Requirement → The entries below need to be written out exactly, with no pictures included.

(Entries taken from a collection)

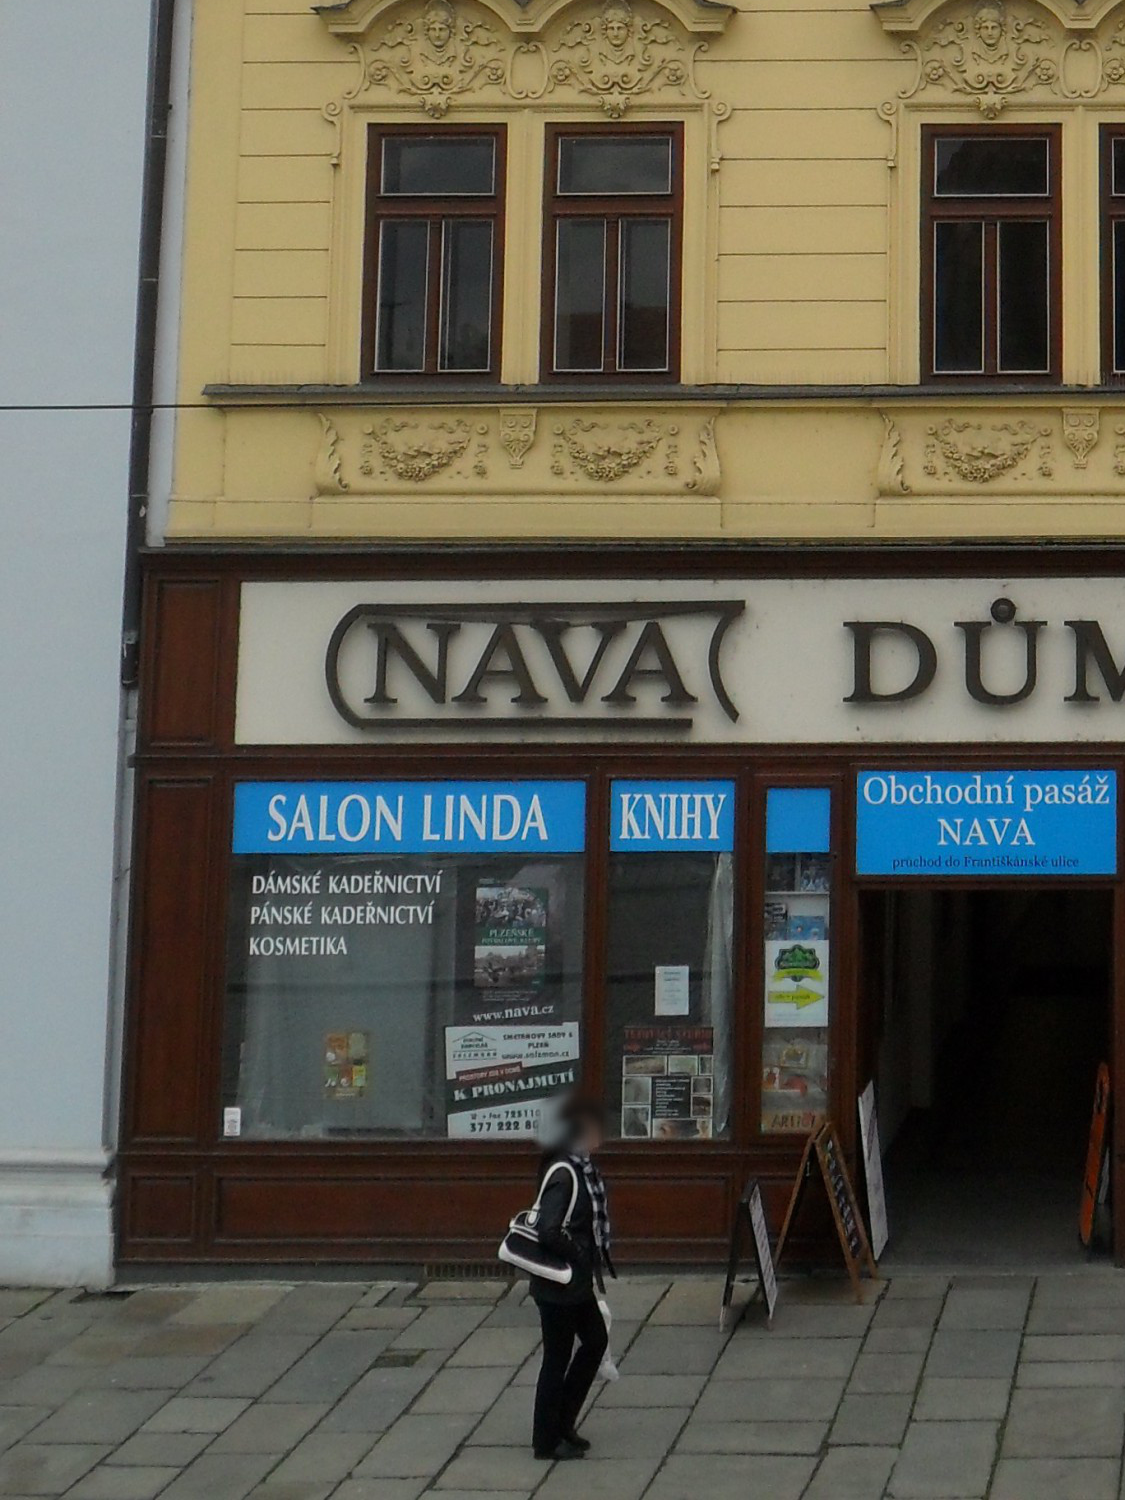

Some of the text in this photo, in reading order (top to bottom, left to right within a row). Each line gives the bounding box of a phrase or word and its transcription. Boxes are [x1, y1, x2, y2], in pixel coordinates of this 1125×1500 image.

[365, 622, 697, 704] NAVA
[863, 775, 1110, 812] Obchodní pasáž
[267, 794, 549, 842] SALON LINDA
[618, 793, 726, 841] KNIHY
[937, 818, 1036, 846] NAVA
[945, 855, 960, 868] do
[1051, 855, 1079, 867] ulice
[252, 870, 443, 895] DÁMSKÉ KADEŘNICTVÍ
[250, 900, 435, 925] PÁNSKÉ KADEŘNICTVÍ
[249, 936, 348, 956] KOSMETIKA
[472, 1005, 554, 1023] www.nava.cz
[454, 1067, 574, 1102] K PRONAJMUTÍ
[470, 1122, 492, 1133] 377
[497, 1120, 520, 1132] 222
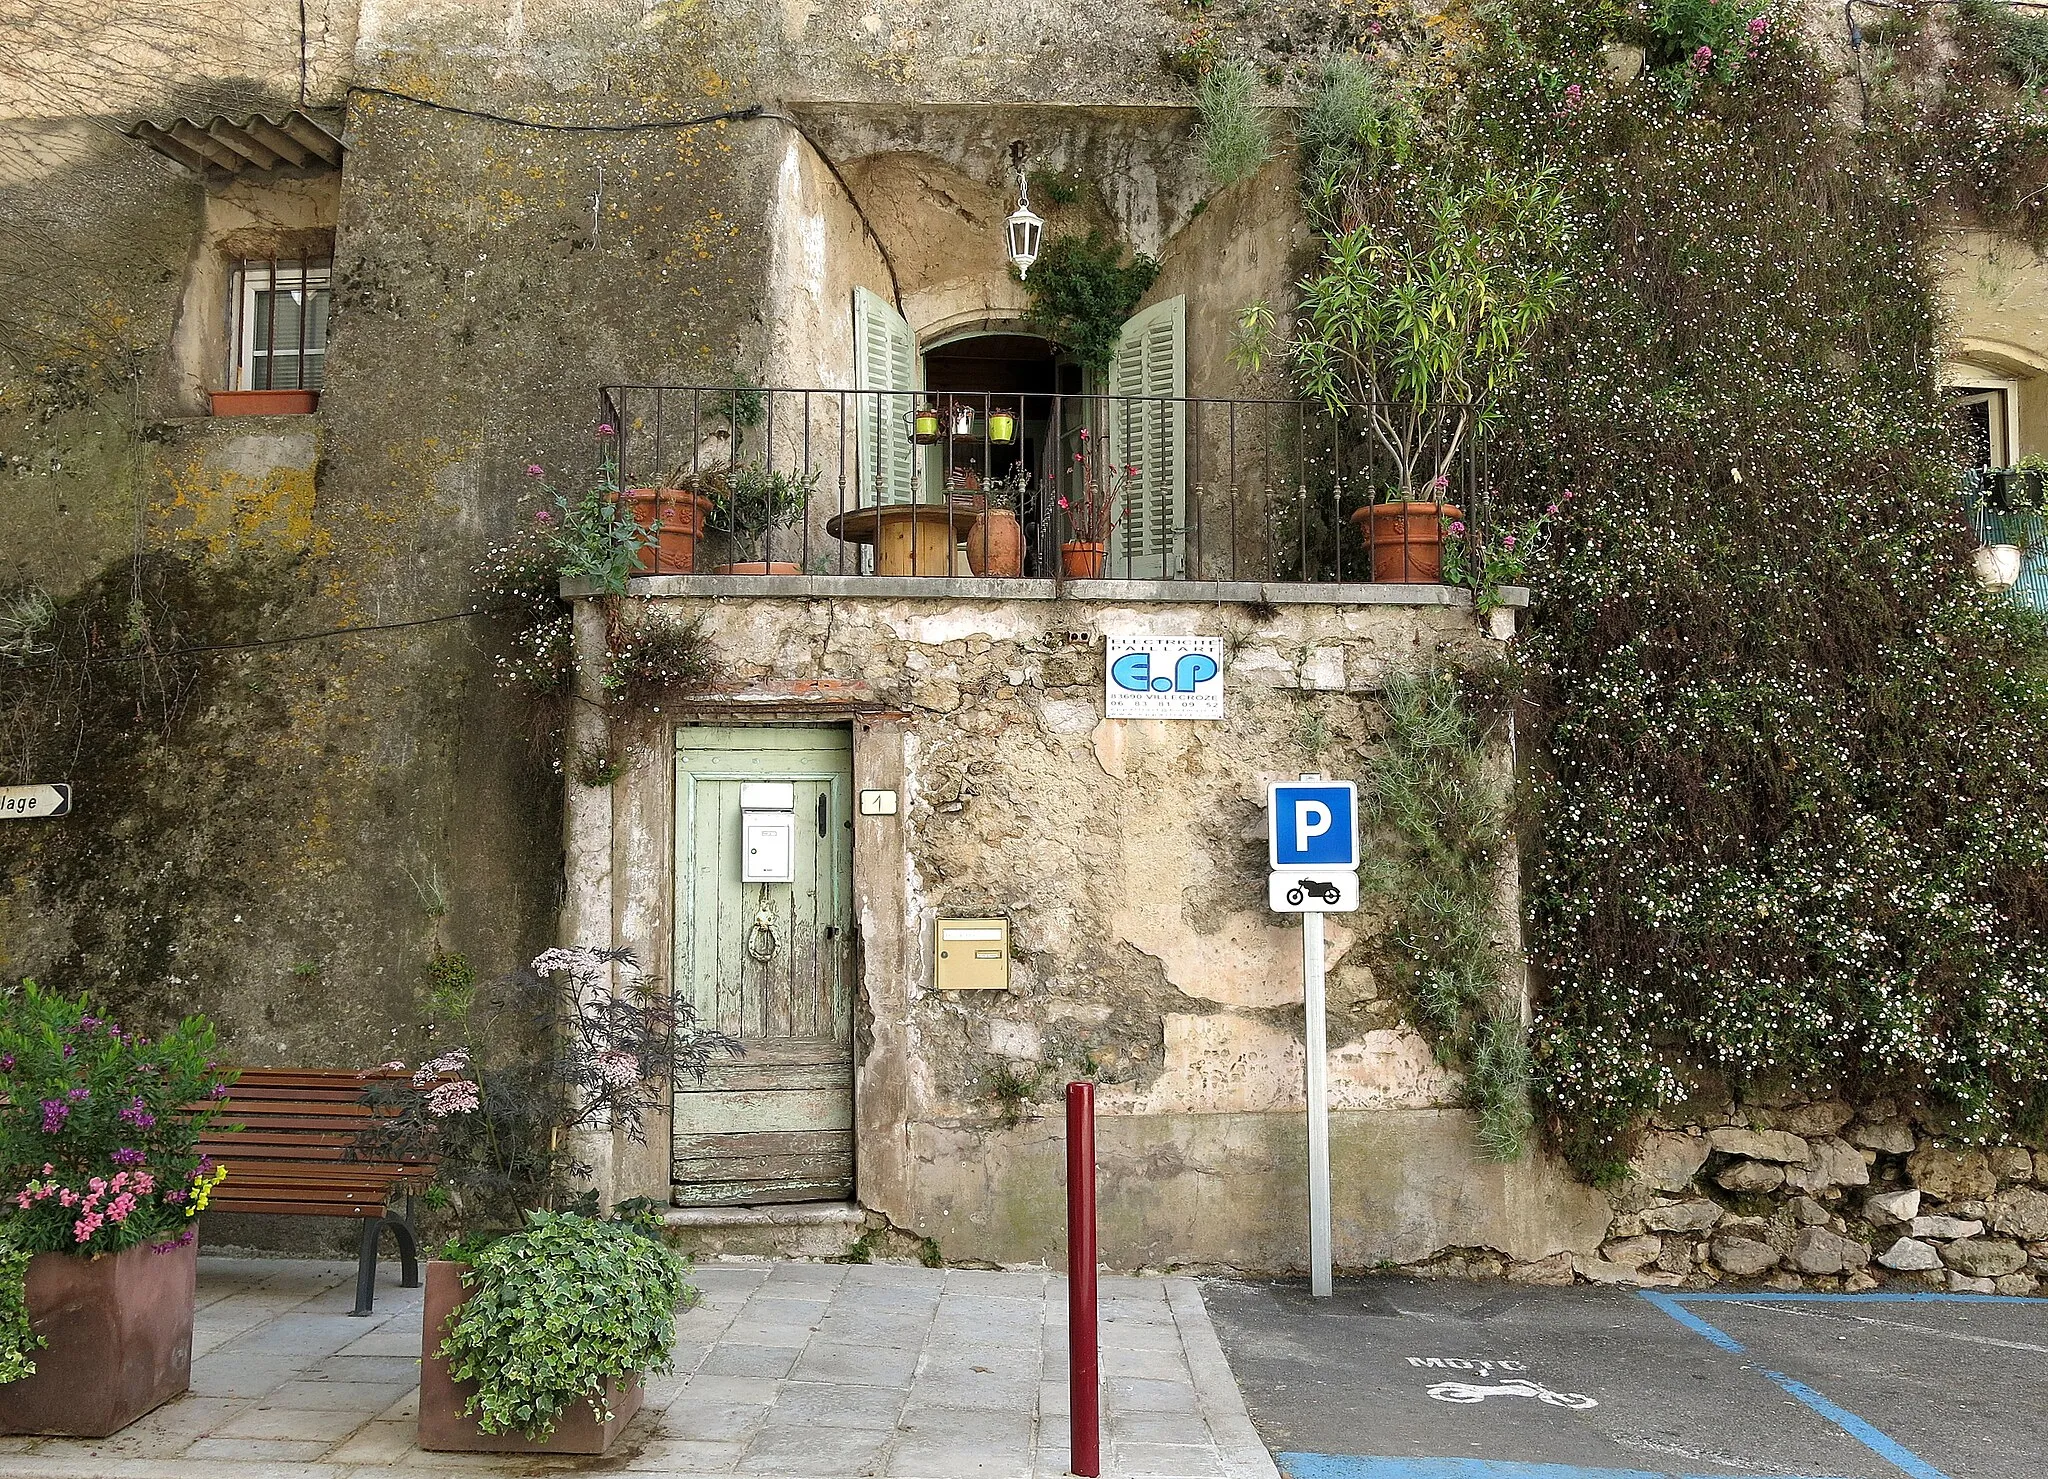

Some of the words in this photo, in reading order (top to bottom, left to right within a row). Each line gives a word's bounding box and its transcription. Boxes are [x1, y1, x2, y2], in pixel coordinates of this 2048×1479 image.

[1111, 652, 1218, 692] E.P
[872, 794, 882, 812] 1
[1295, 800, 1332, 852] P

Written reply →
Some of the text in this photo, in reading order (top to bottom, left to right within a row). Each line gives the bounding box of a phrase or word and its transcription. Boxes are [x1, y1, x2, y2], in pixel coordinates of this 1125×1500 image.

[365, 622, 697, 704] NAVA
[863, 775, 1110, 812] Obchodní pasáž
[267, 794, 549, 842] SALON LINDA
[618, 793, 726, 841] KNIHY
[937, 818, 1036, 846] NAVA
[945, 855, 960, 868] do
[1051, 855, 1079, 867] ulice
[252, 870, 443, 895] DÁMSKÉ KADEŘNICTVÍ
[250, 900, 435, 925] PÁNSKÉ KADEŘNICTVÍ
[249, 936, 348, 956] KOSMETIKA
[472, 1005, 554, 1023] www.nava.cz
[454, 1067, 574, 1102] K PRONAJMUTÍ
[470, 1122, 492, 1133] 377
[497, 1120, 520, 1132] 222

Some of the words in this photo, in reading order (top to bottom, left to right within a row). Each line gives a word's bounding box and its transcription. Boxes are [x1, y1, x2, y2], in pixel coordinates of this 2048×1479 image.

[1111, 652, 1218, 692] E.P
[872, 794, 882, 812] 1
[1295, 800, 1332, 852] P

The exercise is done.